Gosto de escrever sobre coisas das quais sou testemunha. Foi em um desses meus plantões como delegado de Polícia. Tratava-se de uma prisão em flagrante de furto, na qual uma jovem fora presa e apresentada para a lavratura de seu auto de prisão. Ela era viciada em crack, já havia sido internada três vezes e acabara de cometer um furto, justamente para sustentar seu vício.
Antes de mais nada, é preciso esclarecer ao leitor que o crack não produz apenas mortes no sentido literal da palavra. O consumo de substâncias estupefacientes também provoca mortes virtuais, ou seja, mortes de médicos, advogados, atletas, trabalhadores simples, pais e mães de família, os quais, virtualmente, morrem, porquanto, antes de se tornarem tais, principalmente ainda na adolescência, engolidos foram pelo vício.

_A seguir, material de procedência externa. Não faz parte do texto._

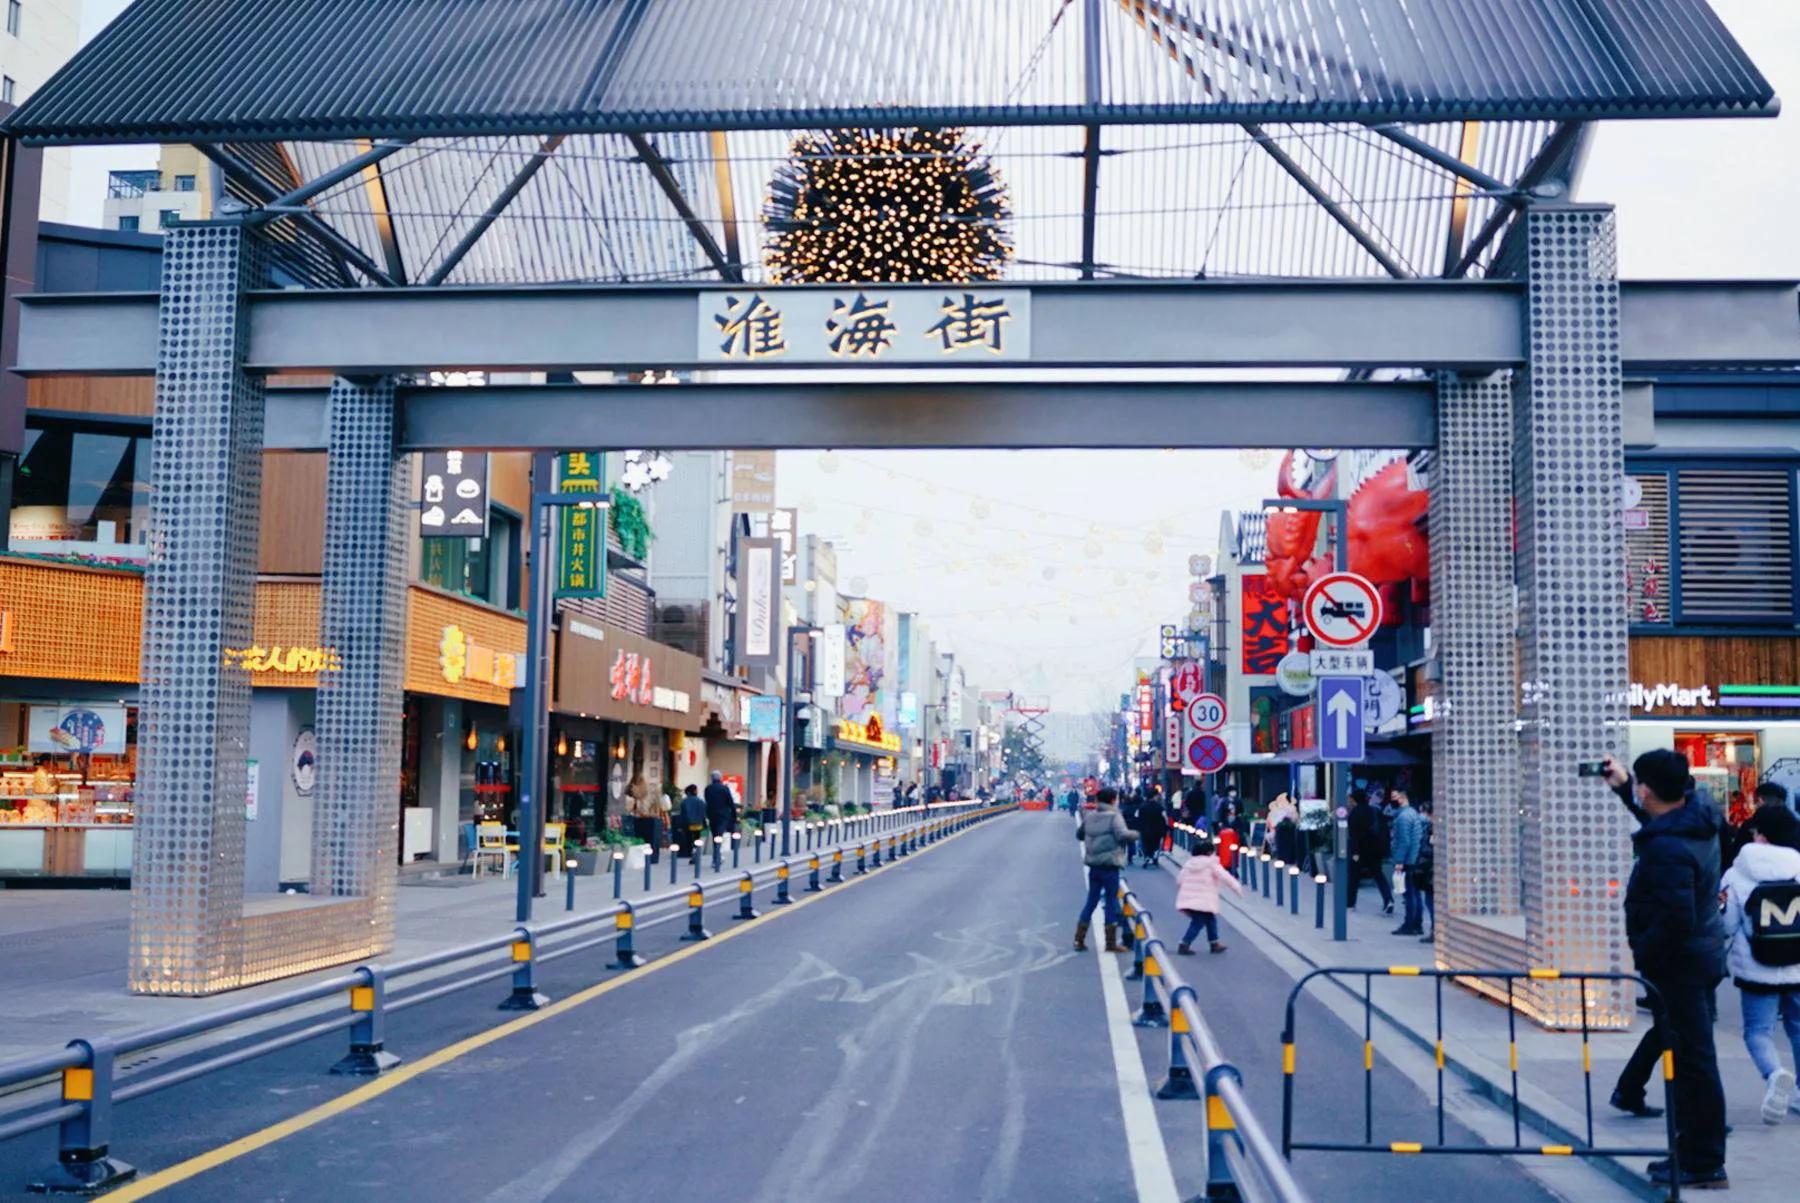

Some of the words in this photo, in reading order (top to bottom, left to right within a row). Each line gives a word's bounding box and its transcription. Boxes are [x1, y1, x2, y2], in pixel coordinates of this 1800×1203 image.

Aquela menina, que se diga de passagem, estava de aniversário e completava seus 21 anos exatamente naquela data em que fora presa, tinha seus olhos de uma tonalidade azul que certamente deve ser almejada pelas mais prestigiadas modelos da nossa atualidade, estando eles, naquele exato momento, fixos e quietos no ar, vagos e indiferentes para com o meio ambiente que os circundava. Naquele mesmo ritmo, eram as suas palavras proferidas com dificuldade e com muito esforço, refletindo os obstáculos provocados no seu cérebro pelo reiterado consumo da droga. Antes de criminosa, era ela, sem dúvida, uma vítima. O crack, essa substância sólida e cristalina que se dissemina pelas nossas ruas, se fumado, como de costume ocorre, intensifica-se a ação do seu princípio ativo, que é a cocaína, bem como dos seus efeitos danosos à saúde, aumentando-se, ainda mais, a ânsia do viciado por drogar-se reiteradas vezes.
Enquanto o auto de prisão em flagrante era lavrado, refletia sobre o caso e concluí que aquela menina, tão jovem, poderia, no futuro, perfeitamente, haver-se tornado uma modelo, como é o sonho de tantas meninas, ou talvez uma médica, uma professora, uma mãe de família ou, simplesmente, uma mulher feliz. Porém, o crack exterminou-lhe todas essas hipóteses. A sua mãe, triste e desconsolada, com seus olhos deprimidos, mas ainda cheios de amor, acompanhava-a na delegacia. Poderia a referida mãe aguardar um milagre, onde sua filha deixaria o vício e conquistaria para o seu futuro um dos sonhos acima descritos? Prefiro deixar essa resposta para cada um dos leitores, aproveitando este ensejo para lembrar-lhes acerca de um pensamento que é muito utilizado na área de saúde e que se encaixa como uma luva à mão neste texto, qual seja: "Mais vale 1 grama de prevenção do que 1 quilo de cura".